The father did not try to seek him out early, but he was eagerly watching for the first sign of his son’s return. It is a lesson in the character of our heavenly Father, who shows no sign of being the stern, aloof judge as many picture Him. This father in the parable did NOT say to his son, “Well, what do you have to say for yourself? Confess to me all of your sins and I will tell you what sort of penance you must do before you can set foot in my house.”
The son’s return itself was a repentance, a change of mind, a newly-found belief that his own way had only brought disaster. As long as the son used his inheritance in a far country, apart from his father’s house, he squandered it on fleshly things. But when he returned, he had lost that youthful confidence in the flesh. He left his father’s house in pride and returned in humility.
In returning, he received abundant grace and love beyond measure. This is yet to be fulfilled in prophecy.
The return of the prodigal had an immediate fulfillment in Jesus’ ministry, as the sinners gathered to hear the word. Jesus treated them as the father had treated the prodigal son. He did not demand that they come to Him with a list of their sins and repent for each of them individually. He did not frighten them away with threats of hellfire and brimstone. He drew them with love and fed them with truth. He instilled in them a ray of hope that perhaps they might still be accepted of their heavenly Father. And as they drew near, they found that their heavenly Father was more anxious to forgive than they were to repent.
So while the scribes and Pharisees, like the elder brother, grumbled over the fact that Jesus had not properly vetted these sinners to make sure that they had truly repented, Jesus looked at their hearts and saw their silent repentance with faith, transformed thinking, and the start of a new way of life in the Father’s house.
When the prodigal son returned to his father, he was humble and repentant. His father saw this and did not need to remind his son of all the mistakes he had made in the past. He was just glad to get back his son, whose disastrous condition and hunger (for the word) had driven him to return home. So Luke 15:22-24 says,
22 But the father said to his slaves, “Quickly bring out the best robe and put it on him, and put a ring on his hand and sandals on his feet; 23 and bring the fattened calf, kill it, and let us eat and be merry; 24 for this son of mine was dead, and has come to life again; he was lost, and has been found.” And they began to be merry.

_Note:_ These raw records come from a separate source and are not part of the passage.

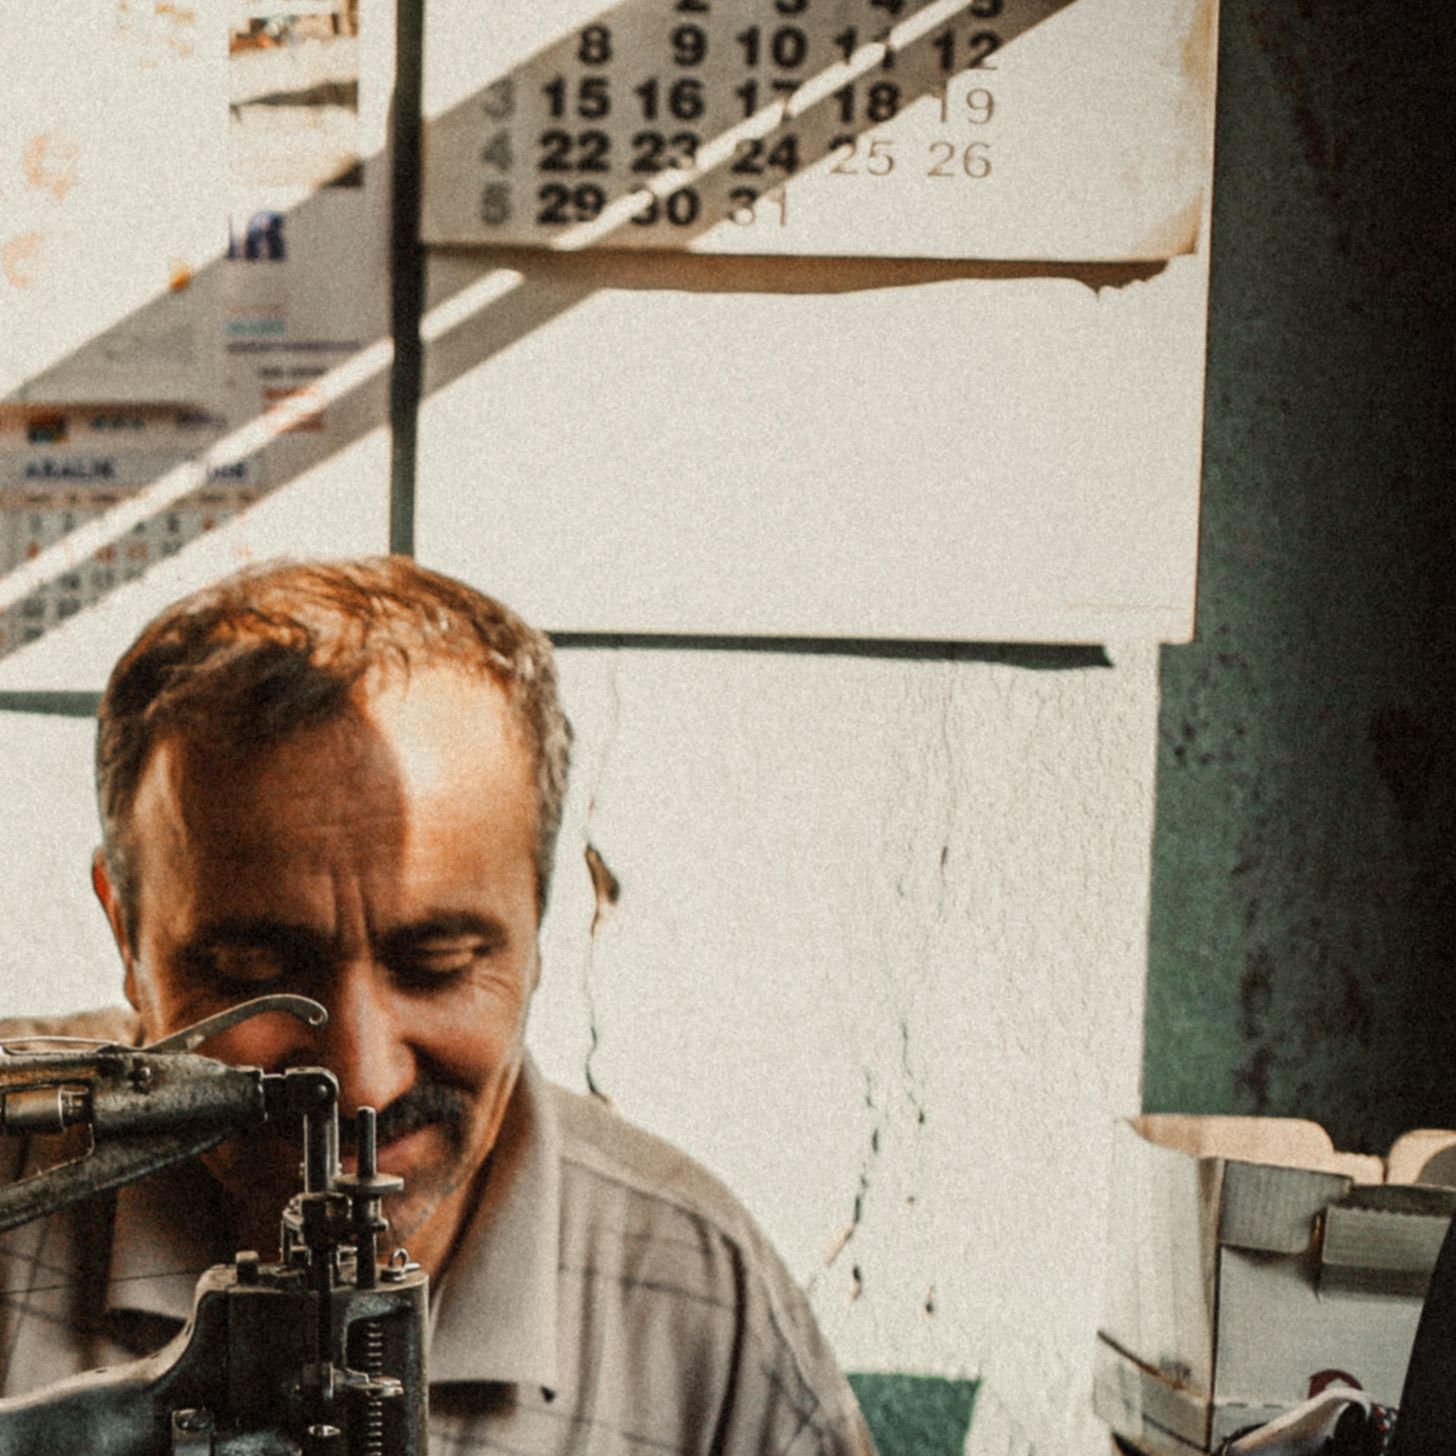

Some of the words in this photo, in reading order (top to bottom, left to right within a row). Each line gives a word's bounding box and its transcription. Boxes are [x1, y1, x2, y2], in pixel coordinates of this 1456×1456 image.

[577, 22, 613, 68] 8
[670, 22, 709, 68] 9
[735, 24, 808, 69] 10
[931, 27, 1003, 72] 12
[541, 75, 612, 121] 15
[633, 75, 706, 121] 16
[832, 80, 901, 125] 18
[931, 86, 996, 126] 19
[537, 129, 611, 173] 22
[729, 133, 800, 176] 24
[825, 134, 896, 177] 25
[926, 140, 993, 179] 26
[536, 182, 608, 226] 29
[727, 184, 788, 228] 31

The father’s love toward the prodigal matched Jesus’ love toward the publicans and sinners who had come to Him. To come to Jesus was to return to the One who had sent Him—our heavenly Father. It did not mean that these publicans and sinners (or harlots) were continuing in their sin, for how can we continue in sin that grace may abound? Rather, Jesus’ love removed the bitterness and gave them new hearts, so that the Spirit of God could begin to write His laws within them.
Perhaps one of the Scriptures from which Jesus drew His revelation was from Isaiah 57:17-19. It speaks of God hiding His face from the unjust (vs. 17), but then says,
18 “I have seen his ways, but I will heal him; I will lead him and restore comfort to him and to his mourners, 19 creating the praise of the lips. Peace, peace to him who is far and to him who is near,” says the Lord, “and I will heal him.”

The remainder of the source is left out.